* **Problem description**: With the images omitted, return all of the entries exactly as they stand.

* **Given records**:

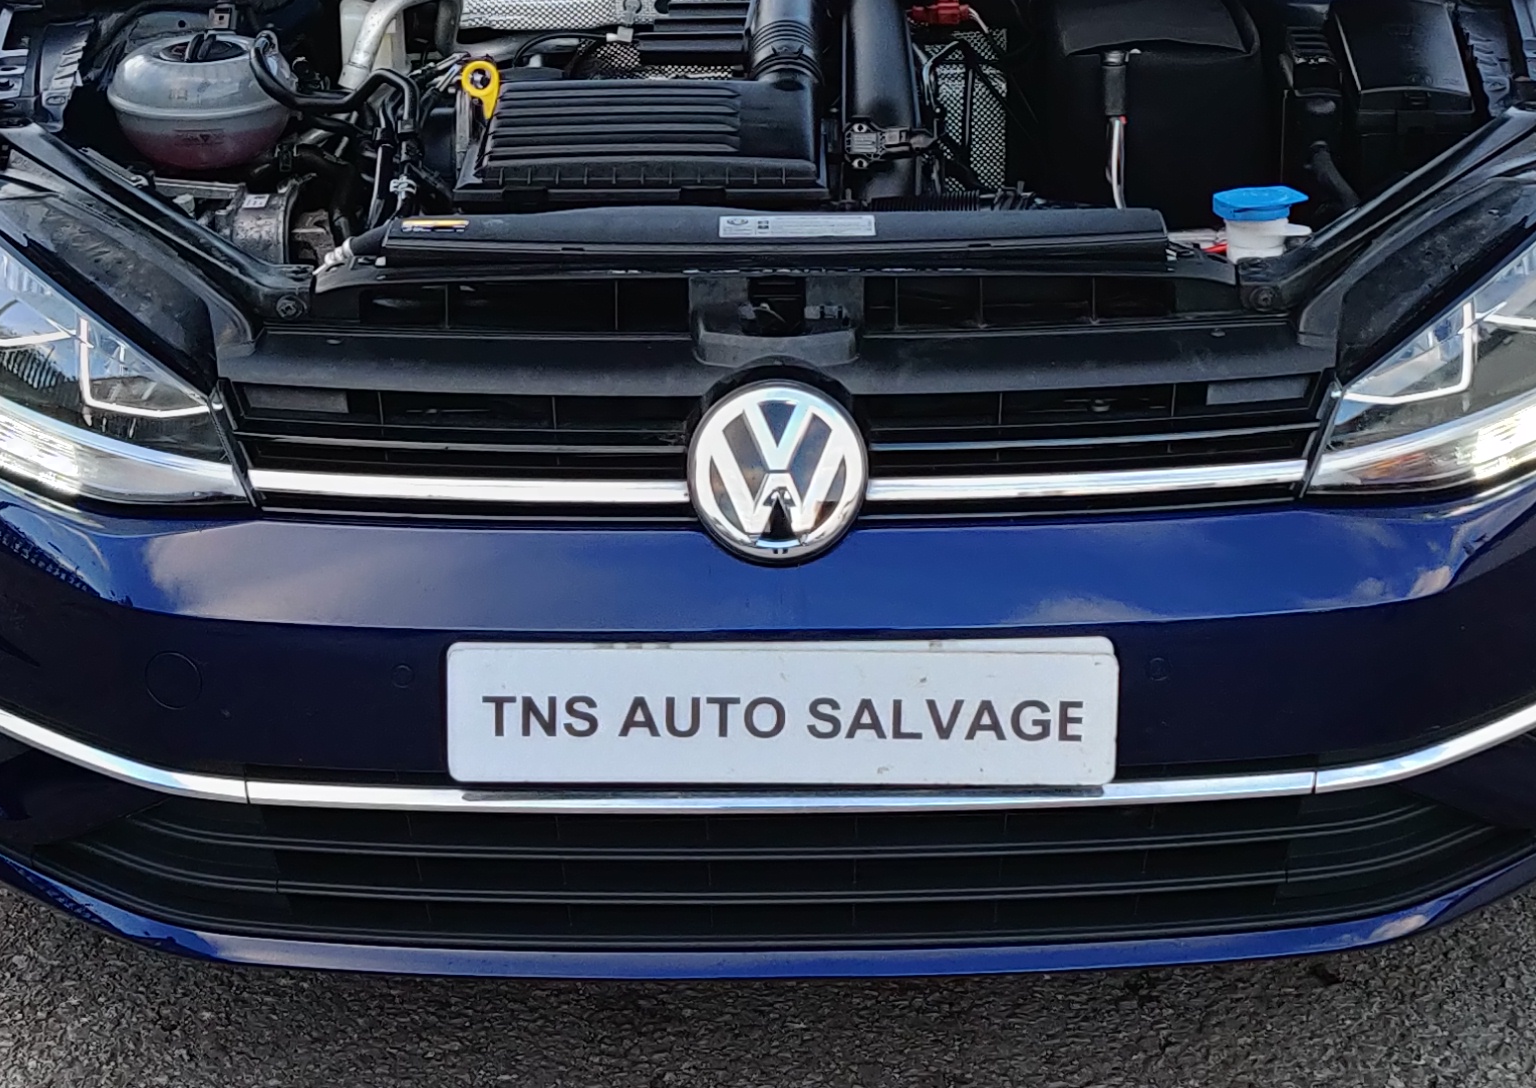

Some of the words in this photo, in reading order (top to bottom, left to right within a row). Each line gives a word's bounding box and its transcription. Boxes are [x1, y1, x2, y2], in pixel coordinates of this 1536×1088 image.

[481, 695, 599, 737] TNS
[617, 696, 787, 738] AUTO
[806, 697, 1084, 742] SALVAGE
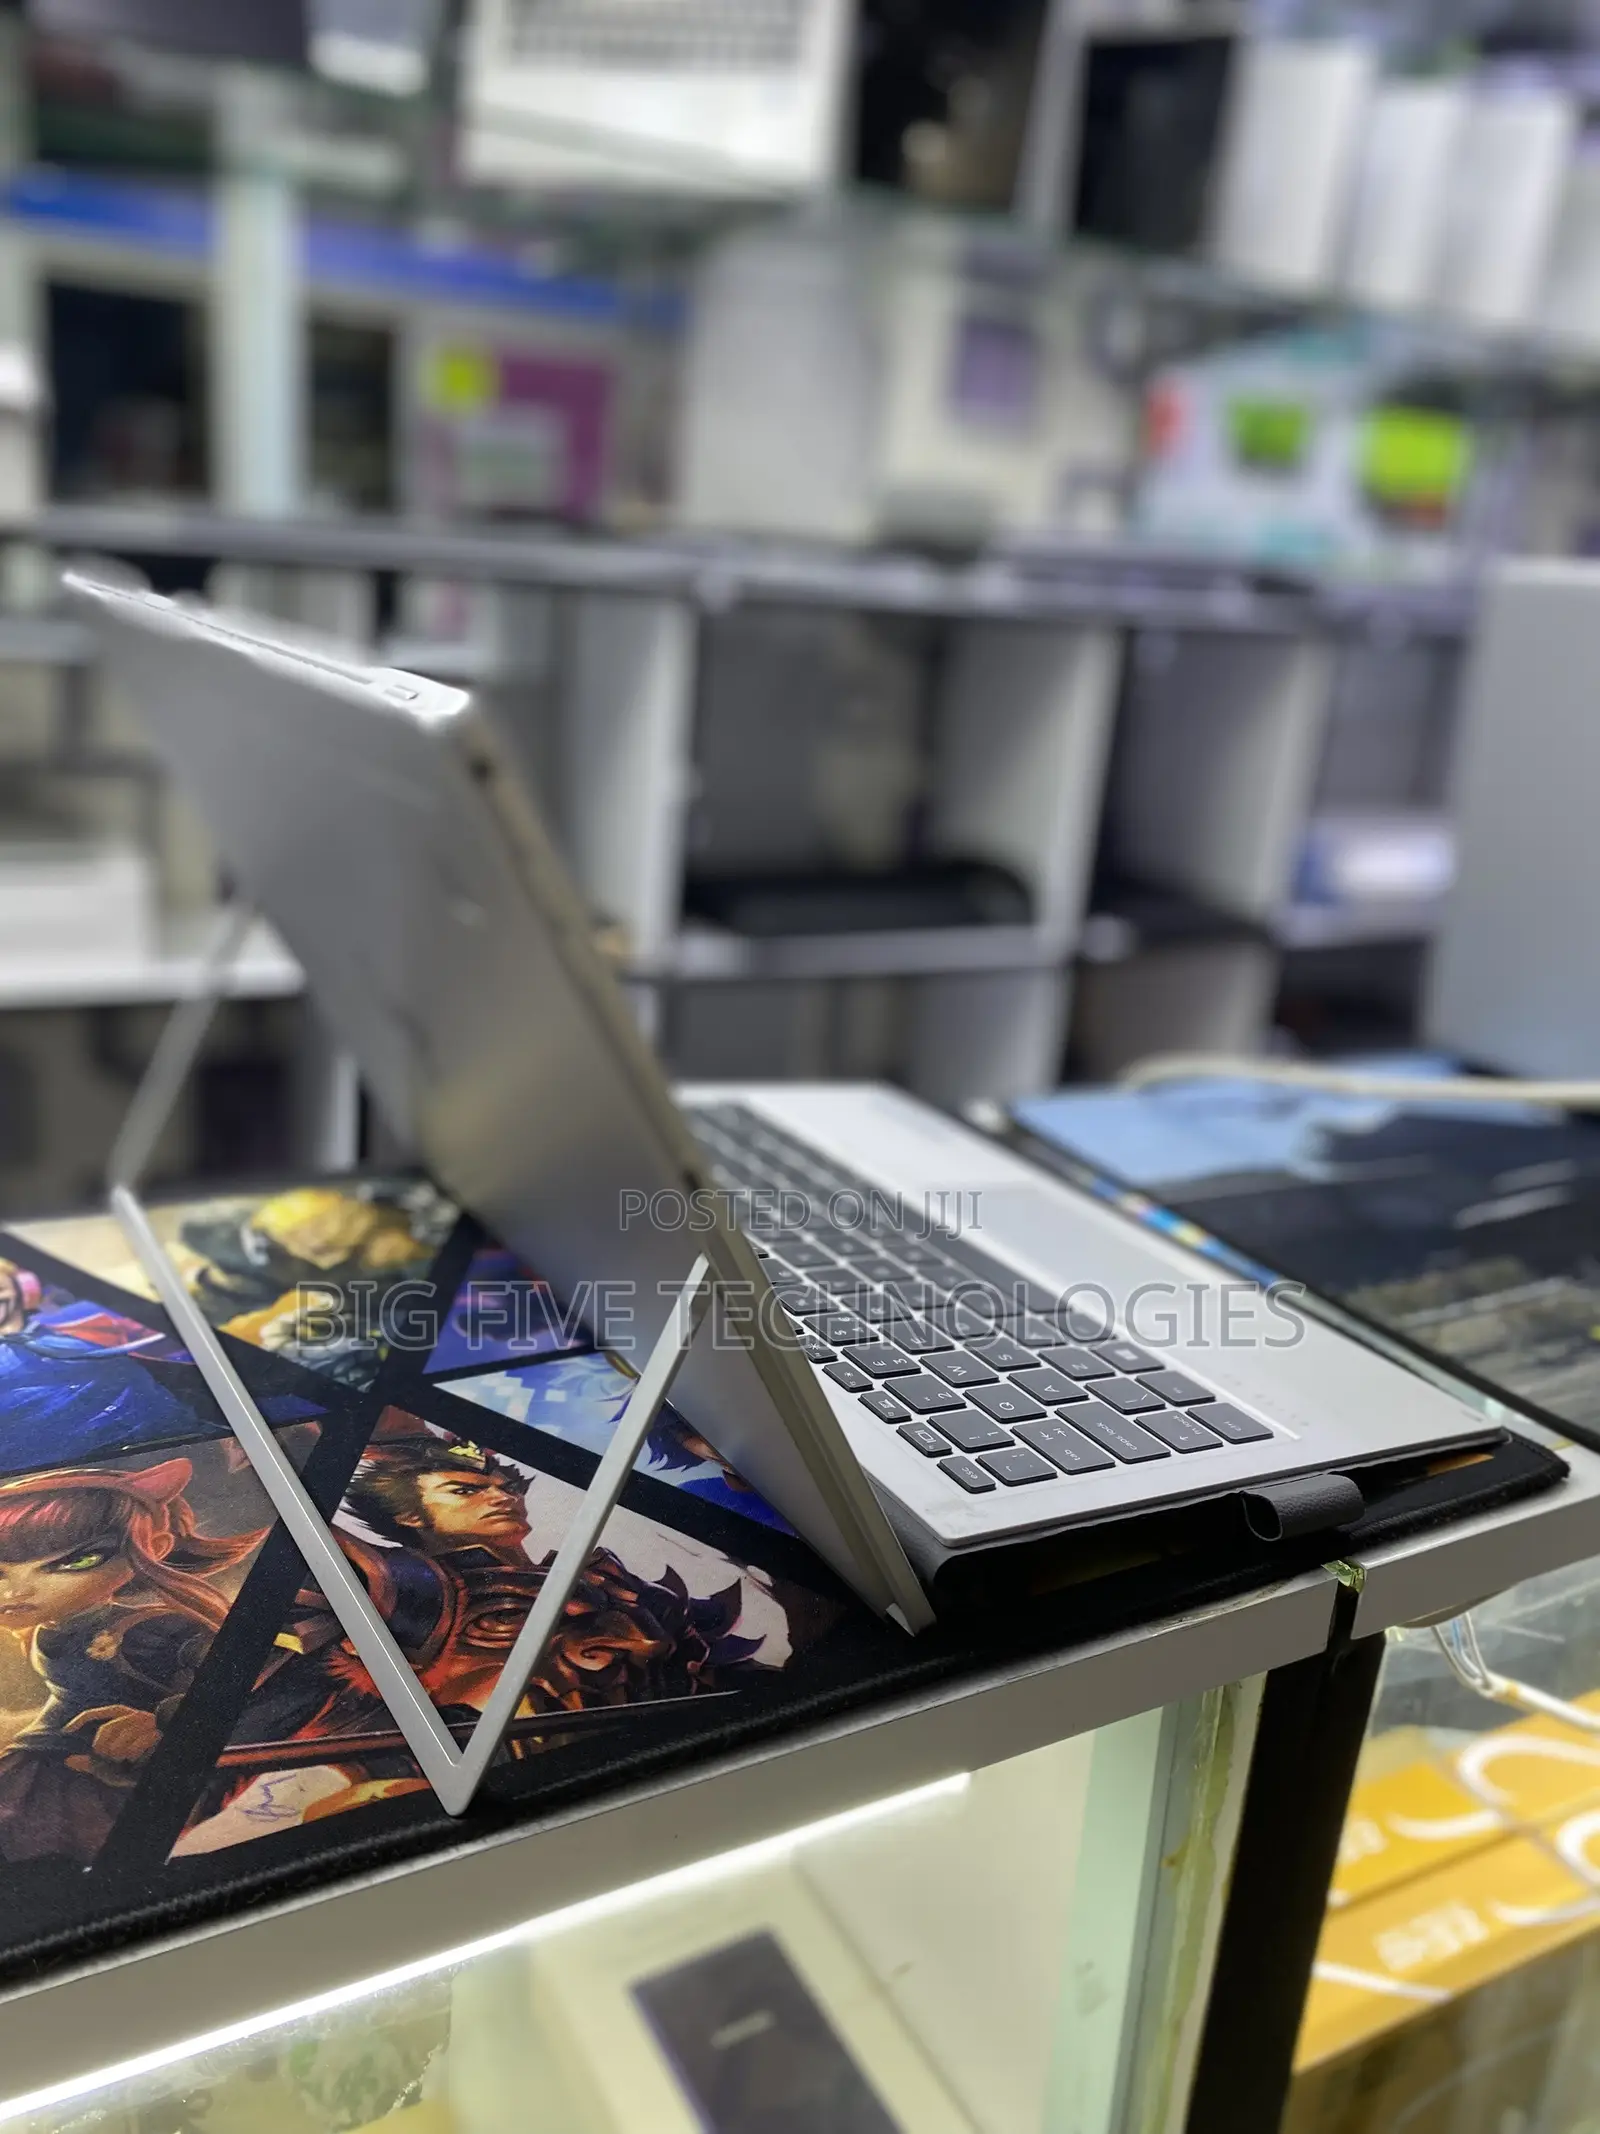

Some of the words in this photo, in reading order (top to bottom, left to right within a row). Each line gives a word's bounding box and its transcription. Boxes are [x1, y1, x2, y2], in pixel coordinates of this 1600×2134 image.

[998, 1353, 1013, 1361] S
[946, 1364, 967, 1376] W
[1071, 1362, 1089, 1371] Z
[1044, 1384, 1060, 1393] A
[937, 1391, 953, 1399] 2
[999, 1401, 1015, 1411] Q
[1096, 1421, 1117, 1436] lock
[1115, 1435, 1138, 1451] caps
[1064, 1449, 1081, 1461] tab
[961, 1466, 979, 1479] esc

* **Task solution**:
Some of the words in this photo, in reading order (top to bottom, left to right within a row). Each line gives a word's bounding box and its transcription. Boxes are [x1, y1, x2, y2], in pixel coordinates of this 1536×1088 image.

[481, 695, 599, 737] TNS
[617, 696, 787, 738] AUTO
[806, 697, 1084, 742] SALVAGE

Some of the words in this photo, in reading order (top to bottom, left to right within a row). Each line gives a word's bounding box and its transcription. Boxes are [x1, y1, x2, y2], in pixel coordinates of this 1600×2134 image.

[998, 1353, 1013, 1361] S
[946, 1364, 967, 1376] W
[1071, 1362, 1089, 1371] Z
[1044, 1384, 1060, 1393] A
[937, 1391, 953, 1399] 2
[999, 1401, 1015, 1411] Q
[1096, 1421, 1117, 1436] lock
[1115, 1435, 1138, 1451] caps
[1064, 1449, 1081, 1461] tab
[961, 1466, 979, 1479] esc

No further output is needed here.